State Republican Chairman Nicholas Langworthy had sued the Democratic governor and State Board of Elections seeking an earlier date, arguing Cuomo was moving too slowly and leaving the 700,000 Republican-leaning residents of New York’s 27th Congressional District without representation.

Langworthy lashed out again Monday, saying in a statement that Cuomo was “stacking the deck to try and manipulate the outcome of these elections” by holding them on a day when Democratic voters would be flooding the polls for a hotly contested primary.

Cuomo has repeatedly said that holding the special election the same day as the presidential primary would save money.

Collins resigned Sept. 30. He pleaded guilty the next day to leaking confidential information about a pharmaceutical company’s clinical trials to his son and others. He was sentenced in January to two years and two months in federal prison.

Republican leaders in the western New York district have endorsed state Sen. Chris Jacobs for Collins’ seat. He will face Democrat Nate McMurray, who nearly unseated Collins in 2018 when he ran for a fourth term while under indictment.

Also to be decided are the Assembly seats left vacant by the resignations of Long Island Republican Andrew Raia, Queens Democrat Michele Titus and Monroe County Democrat Jamie Romeo, and the Senate seat vacated by Syracuse Republican Robert Antonacci.

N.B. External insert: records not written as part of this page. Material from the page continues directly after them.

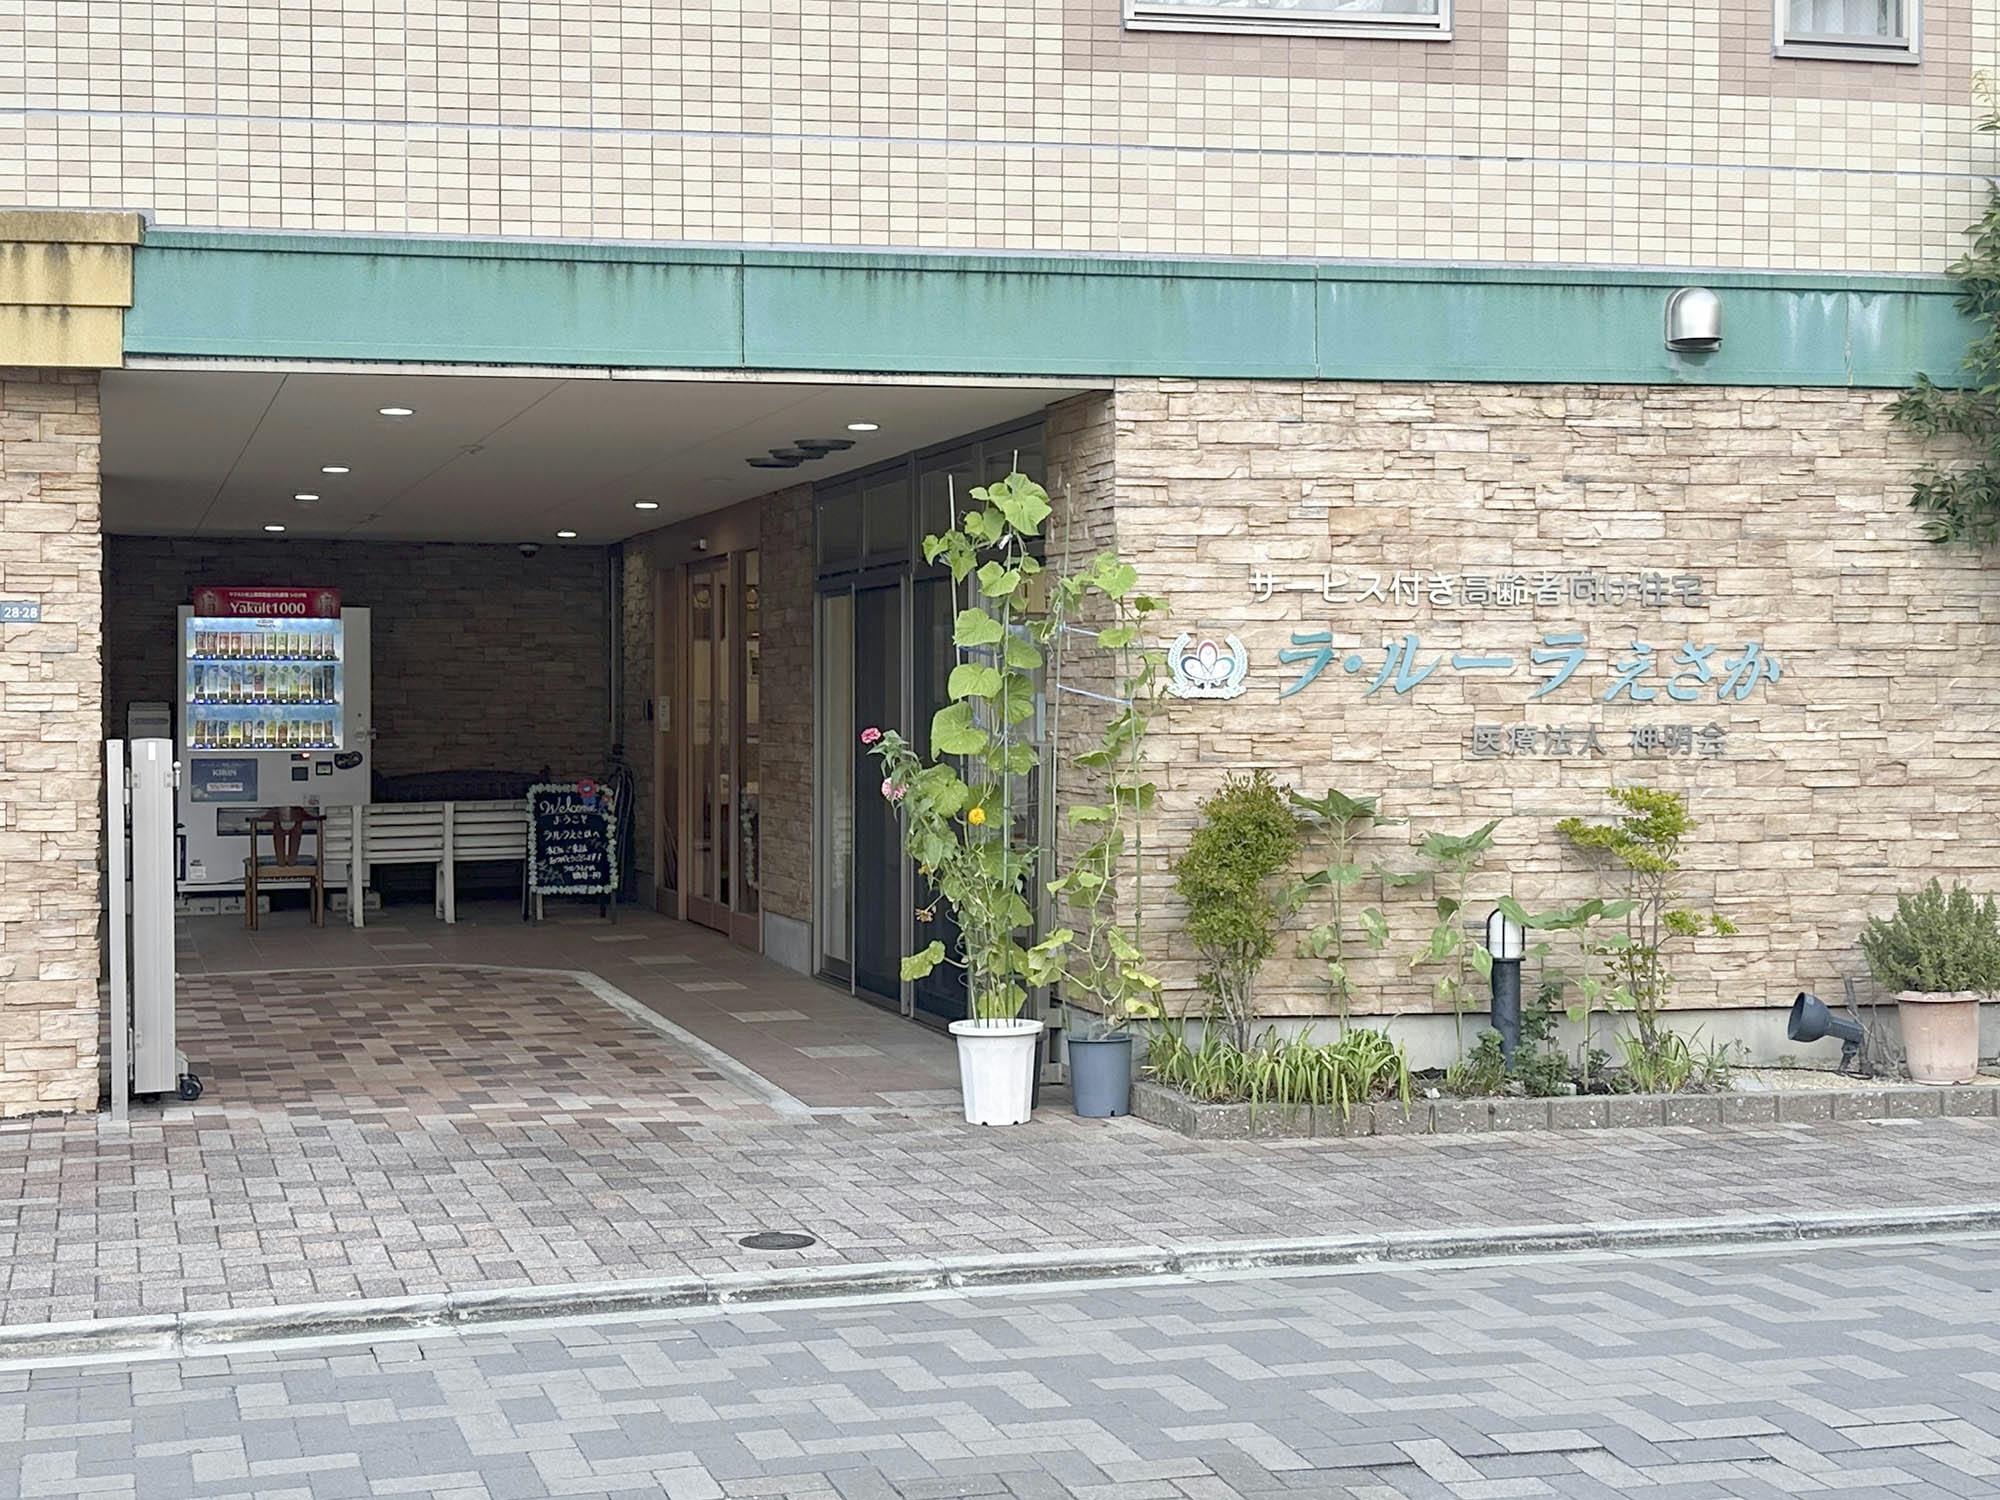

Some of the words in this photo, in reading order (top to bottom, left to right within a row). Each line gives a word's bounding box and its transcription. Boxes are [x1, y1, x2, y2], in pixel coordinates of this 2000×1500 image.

[1248, 569, 1706, 606] サービス付き高齢者向け住宅
[1472, 724, 1607, 757] 医療法人
[1629, 722, 1727, 757] 神明会
[539, 796, 598, 814] Welcome
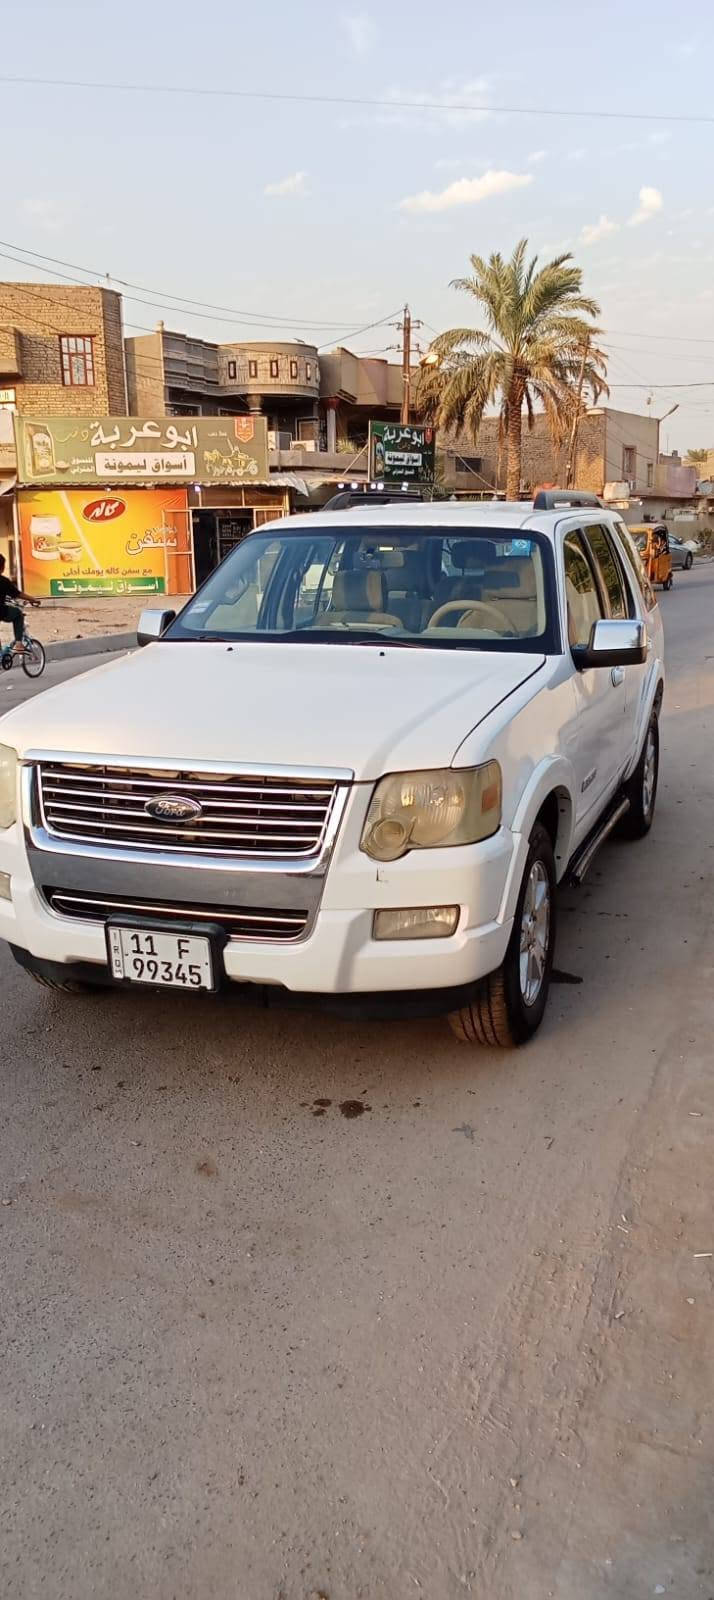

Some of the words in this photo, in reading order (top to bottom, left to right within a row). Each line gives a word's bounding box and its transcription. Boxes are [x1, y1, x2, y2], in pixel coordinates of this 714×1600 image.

[90, 420, 161, 450] عربة
[160, 424, 198, 451] ابو
[383, 425, 411, 444] عربة
[104, 458, 147, 473] ليمونة
[152, 455, 187, 473] أسواق
[142, 569, 153, 577] مع
[57, 580, 114, 595] ليمونة
[155, 800, 187, 816] Ford
[131, 933, 159, 956] 11
[177, 938, 191, 960] F
[132, 957, 203, 986] 99345
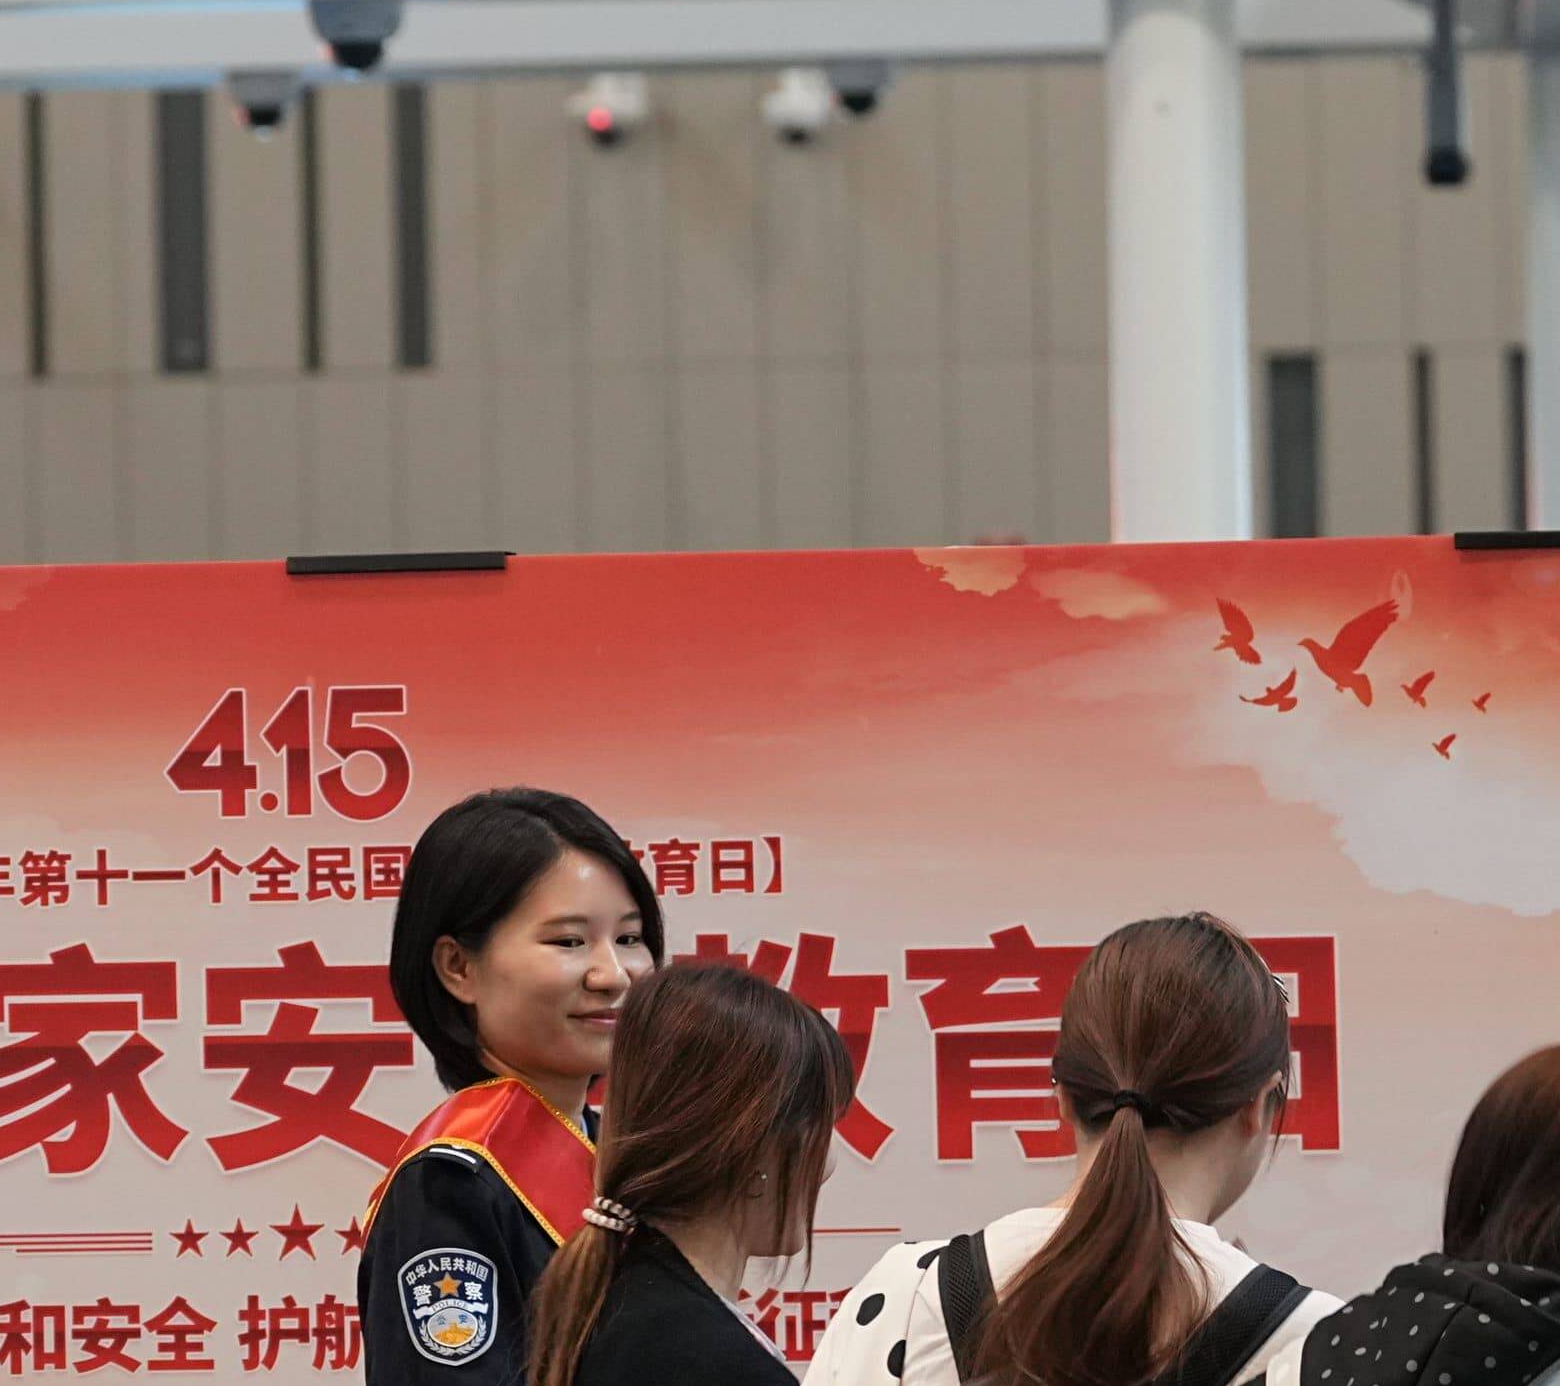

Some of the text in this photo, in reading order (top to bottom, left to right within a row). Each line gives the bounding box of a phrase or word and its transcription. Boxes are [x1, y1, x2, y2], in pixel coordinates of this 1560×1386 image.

[164, 684, 412, 822] 4.15
[405, 1257, 489, 1286] 中华人民共和国
[412, 1281, 484, 1306] 警察

Antonacci won the central NY seat in 2018 by 2 percentage points over Democrat John Mannion, for the seat held by longtime GOP Sen. John DeFrancisco. Antonacci resigned after being elected to a state judge position in November. Mannion said he plans to run again for the seat in April's special election. Republicans have designated central New York businesswoman Angela Renna as their candidate to run, but have not said if Renna plans to run in April's special election or if she will wait until the seat is up for grabs again in November.